One of the biggest lenders in the country has now been shut out of Louisiana’s municipal bond market because of its policies and practices related to the firearms industry. JPMorgan officially lost out on a $700-million deal on Thursday when the Louisiana Bond Commission voted to replace the banking giant with Wells Fargo, a couple of weeks after the commission had asked JPMorgan CEO Jamie Dimon to explain his company’s position on doing business with the firearms industry.
The decision came after state Treasurer John Schroder, a Republican, said his team was scrutinizing JPMorgan’s gun policies following Chief Executive Officer Jamie Dimon’s comments to a Congressional committee earlier this year that his firm won’t finance companies that make military-style weapons for consumers.
“I’m not selling our Second Amendment rights to corporate America,” Schroder, the panel’s chair, said at the meeting in Baton Rouge.
In 2019, Louisiana began asking banks whether they have policies that infringe on citizens’ rights to bear arms as part of the firms’ application to underwrite bond deals. At the time, JPMorgan said it didn’t.
But in advance of this bond sale, Schroder said his office asked banks in the underwriting pool whether they finance the manufacture of certain weapons for civilian use.
JPMorgan didn’t submit an answer to that query, and that lack of response led to their disqualification from underwriting the sale, Schroder said. A JPMorgan spokesperson didn’t have an immediate comment after the vote Thursday. Allison Chin-Leong, a spokesperson for Wells Fargo, declined to comment.

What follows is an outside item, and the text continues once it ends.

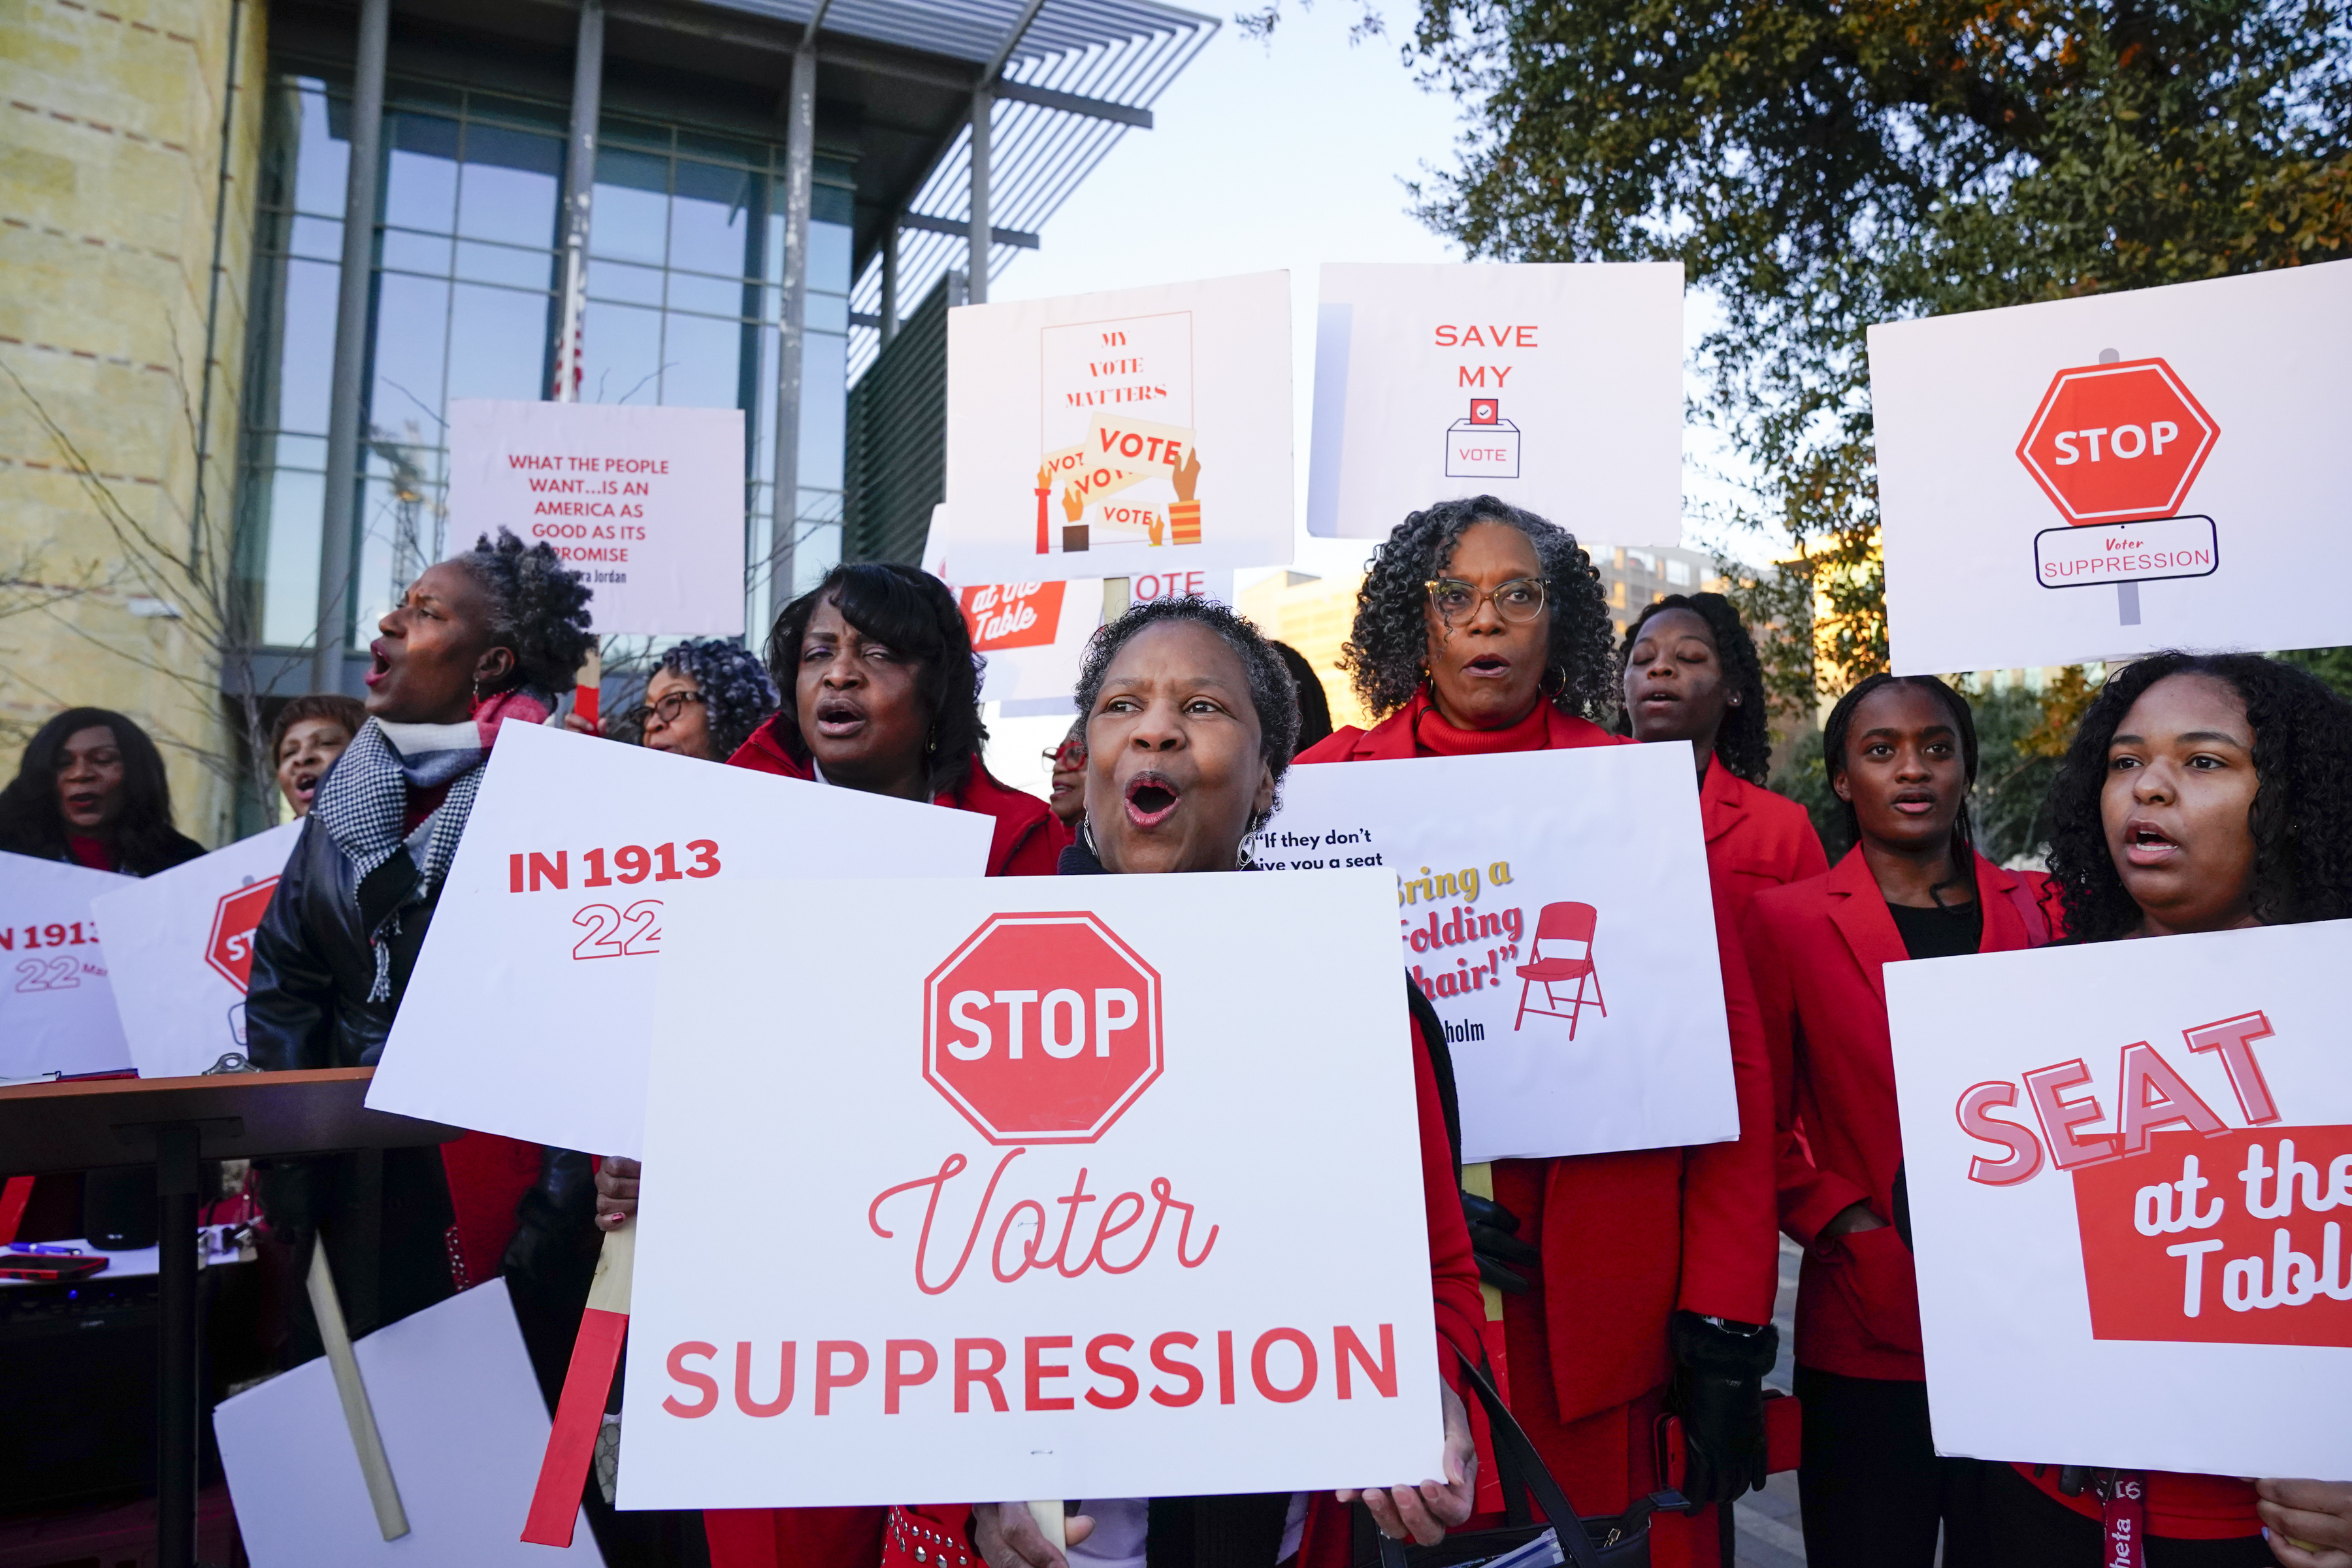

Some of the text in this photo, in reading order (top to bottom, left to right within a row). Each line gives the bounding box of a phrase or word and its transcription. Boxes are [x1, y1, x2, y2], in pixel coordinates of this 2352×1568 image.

Losing that $700-million deal isn’t going to put JPMorgan in the red, but Louisiana isn’t the only state that’s cracking down on doing business with anti-gun financial institutions that discriminate against the firearms industry. The Texas legislature passed a law earlier this year that also shuts anti-gun banks out of the municipal bond market, which has led to a number of companies (including JPMorgan) to miss out on hundreds of millions of dollars in deals.
There are signs that the crackdown is having an effect on the financial sector. Just a few days ago one of the big players in the bond market asked permission to be let back in.
Citigroup, one of the largest underwriters in Texas, has declared it is ready to resume business in the state under a law designed to protect the firearms industry and its advocates.
In a letter to the state attorney general, Daniel Tomson and Paul Creedon, co-heads of public finance for Citi, assert that their firm does not discriminate against any firm involved in making or selling firearms or any associations or nonprofits related to the industry.
After declaring that its in compliance with the Texas law, on Wednesday Citigroup won its first bond bid in the state since the new law went into effect.
The bank won an auction for a $27 million bond offering sold by the Alamo Heights Independent School District, data compiled by Bloomberg show. It stands to be the firm’s first muni deal in Texas since late August. The pause in underwriting there came after the law went into effect on Sept. 1, barring governments in the state from working with companies that “discriminate” against firearm businesses or trade groups.
Before the deal becomes final, Citigroup needs the office of the state’s attorney general, Republican Ken Paxton, to sign off on the transaction, a step required on public debt sales in Texas. The office didn’t respond to an email and phone call requesting comment.
Hopefully Citigroup really has changed its policies and practices and isn’t just trying to pull a fast one on Texas officials. I’m glad that the state’s AG is going to have to give final approval for the transaction, and I expect that Paxton’s office will do its due diligence before giving the green light.
If Citigroup is willing to change its ways, maybe other big banks will follow suit. With other red states likely to impose their own restrictions on anti-gun financial institutions in the coming months, that would definitely be the wise move to make. Otherwise, have fun explaining to investors why anti-gun virtue signaling is more important than the bank’s bottom line.